Cattle grazing shortgrass rangeland in northern Colorado (Credit: Jeff Vanuga/USDA NRCS, via Wikimedia Commons)

Researchers in Colorado are employing herds of cattle in an effort to improve soil moisture and agricultural output through a technique called planned grazing, NPR reported.

The Nature Conservancy, an international conservation organization, is spearheading the research of planned grazing at their ranch in Colorado. The technique mimics the natural movements of gregarious large mammals that once inhabited the Great Plains.

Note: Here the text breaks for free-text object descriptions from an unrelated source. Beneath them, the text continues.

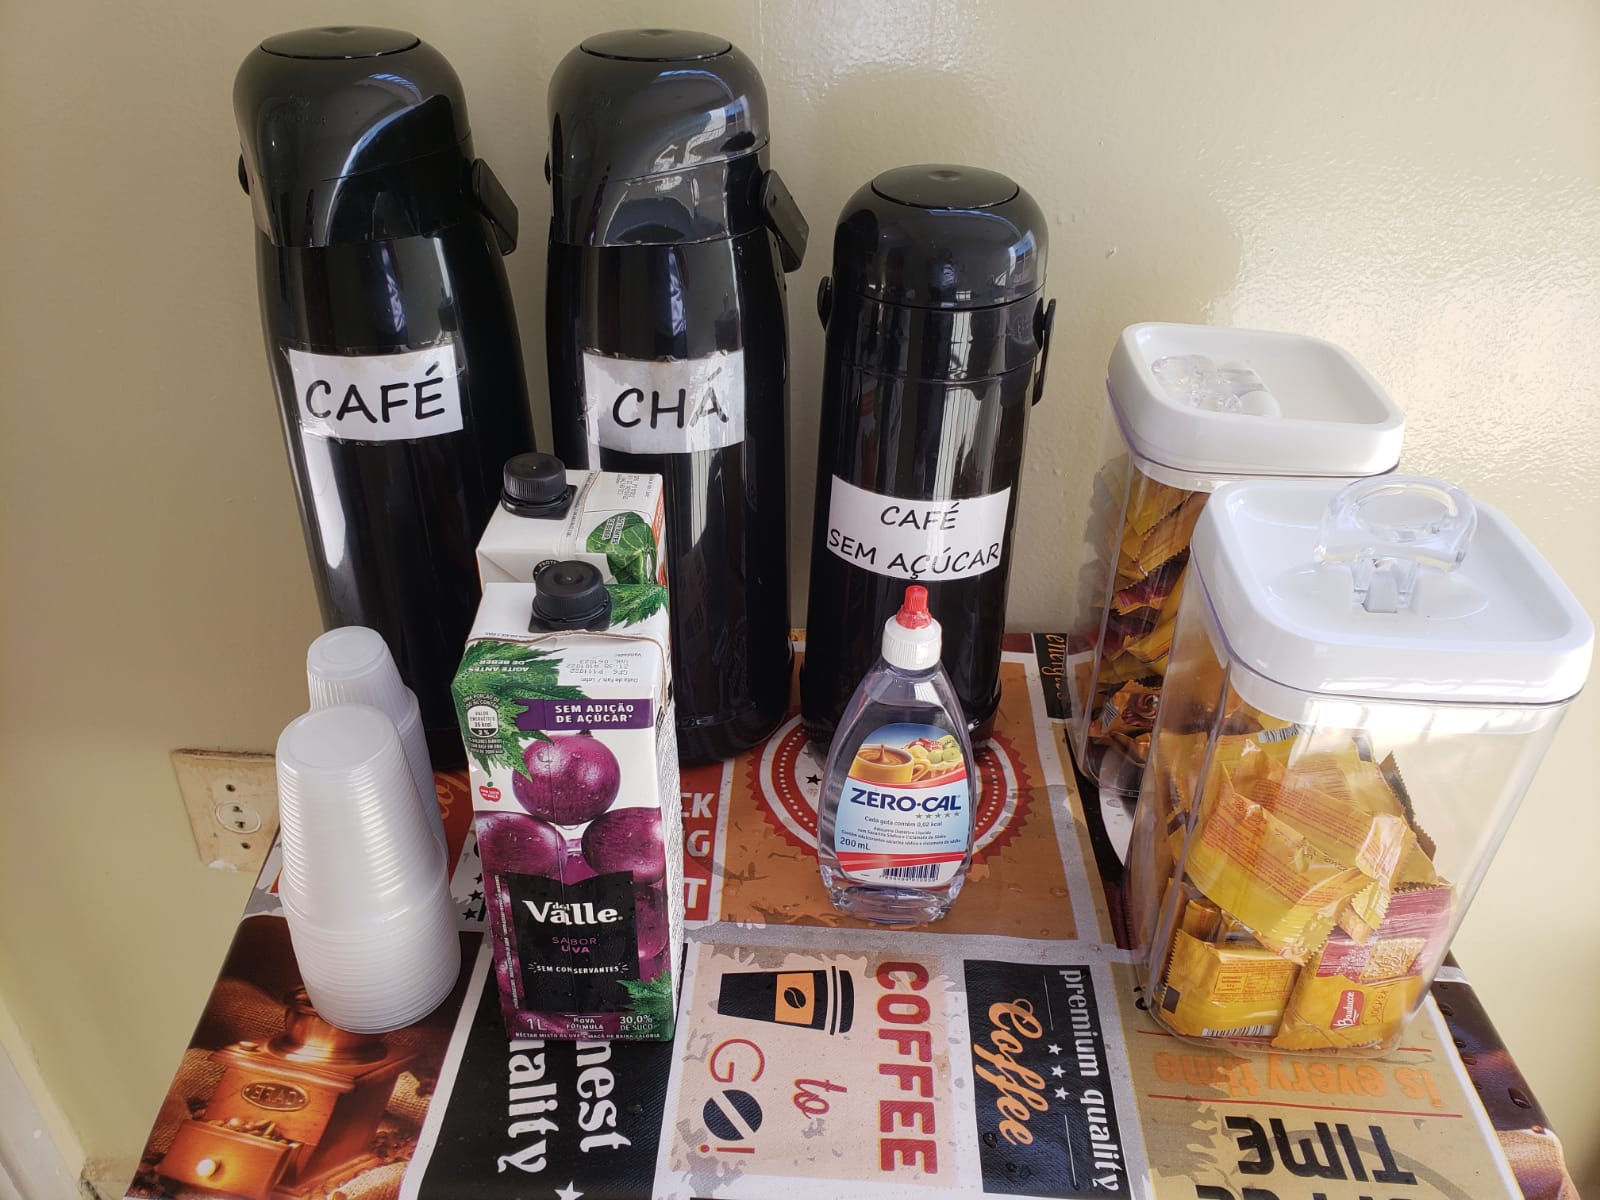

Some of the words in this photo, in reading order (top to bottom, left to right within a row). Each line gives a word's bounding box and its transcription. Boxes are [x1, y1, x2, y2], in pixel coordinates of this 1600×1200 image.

[305, 361, 446, 423] CAFÉ
[612, 367, 729, 429] CHÁ
[880, 502, 960, 530] CAFÉ
[828, 529, 877, 565] SEM
[887, 546, 1000, 579] AÇÚCAR
[554, 705, 582, 713] SEM
[586, 702, 635, 714] ADIÇÃO
[556, 714, 573, 723] DE
[850, 787, 962, 812] ZERO-CAL
[864, 815, 880, 823] Cada
[839, 837, 857, 847] 200
[857, 842, 871, 851] mL
[522, 900, 618, 926] Valle
[552, 936, 598, 945] SABOR
[561, 945, 591, 954] UVA
[536, 964, 553, 972] SEM
[555, 965, 620, 974] CONSERVANTES
[573, 1016, 596, 1024] NOVA
[619, 1014, 653, 1025] 30,0%
[620, 1023, 631, 1031] DE
[631, 1023, 653, 1031] SUCO
[874, 961, 939, 1174] COFFEE
[973, 998, 1050, 1146] Coffee
[1058, 968, 1101, 1077] premium
[1080, 1088, 1121, 1192] quality
[1153, 1050, 1259, 1098] time
[1268, 1053, 1388, 1098] every
[497, 1041, 559, 1174] ality
[576, 1040, 632, 1153] nest
[793, 1077, 848, 1121] to
[1223, 1115, 1418, 1186] TIME

Planned grazing requires farmers and ranchers to plot the specific movement of their cattle herds at the beginning of each season. As the cattle are moved strategically around the fields, their hooves press on the soil, improving its ability to retain rainfall. Additionally, the grazing action itself helps stimulate plant growth.

Ecologists believe that without changes to land management, many grasslands are at risk of turning into desert.

Image: Cattle grazing shortgrass rangeland in northern Colorado (Credit: Jeff Vanuga/USDA NRCS, via Wikimedia Commons)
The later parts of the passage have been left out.